▶ [WHAT IS NEEDED] Return every record below exactly as written, omitting any pictures.

▶ [SUPPLIED ENTRIES]
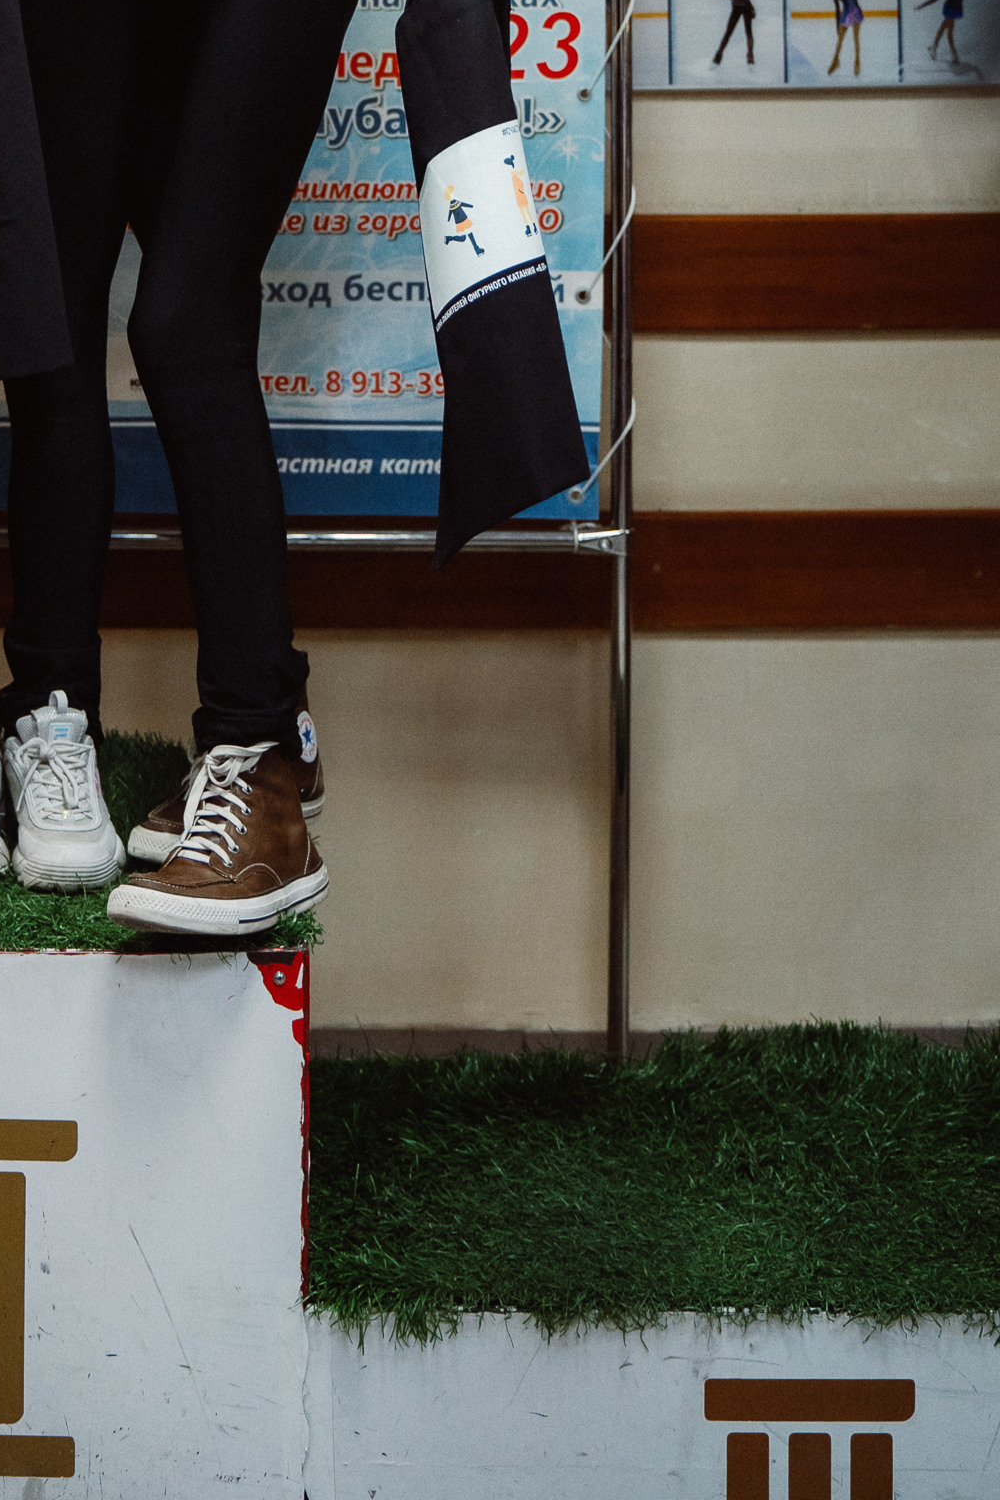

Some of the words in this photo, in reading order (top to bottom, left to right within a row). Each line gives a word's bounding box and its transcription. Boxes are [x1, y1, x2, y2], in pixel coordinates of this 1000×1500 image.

[313, 214, 352, 233] из
[260, 280, 333, 309] ход
[467, 276, 508, 303] ФИГУРНОГО
[506, 265, 537, 284] КАТАНИЯ
[261, 374, 317, 394] тел.
[325, 370, 342, 394] 8

▶ [EXERCISE RESPONSE]
Some of the words in this photo, in reading order (top to bottom, left to right within a row). Each line gives a word's bounding box and its transcription. Boxes are [x1, y1, x2, y2], in pixel coordinates of this 1000×1500 image.

[313, 214, 352, 233] из
[260, 280, 333, 309] ход
[467, 276, 508, 303] ФИГУРНОГО
[506, 265, 537, 284] КАТАНИЯ
[261, 374, 317, 394] тел.
[325, 370, 342, 394] 8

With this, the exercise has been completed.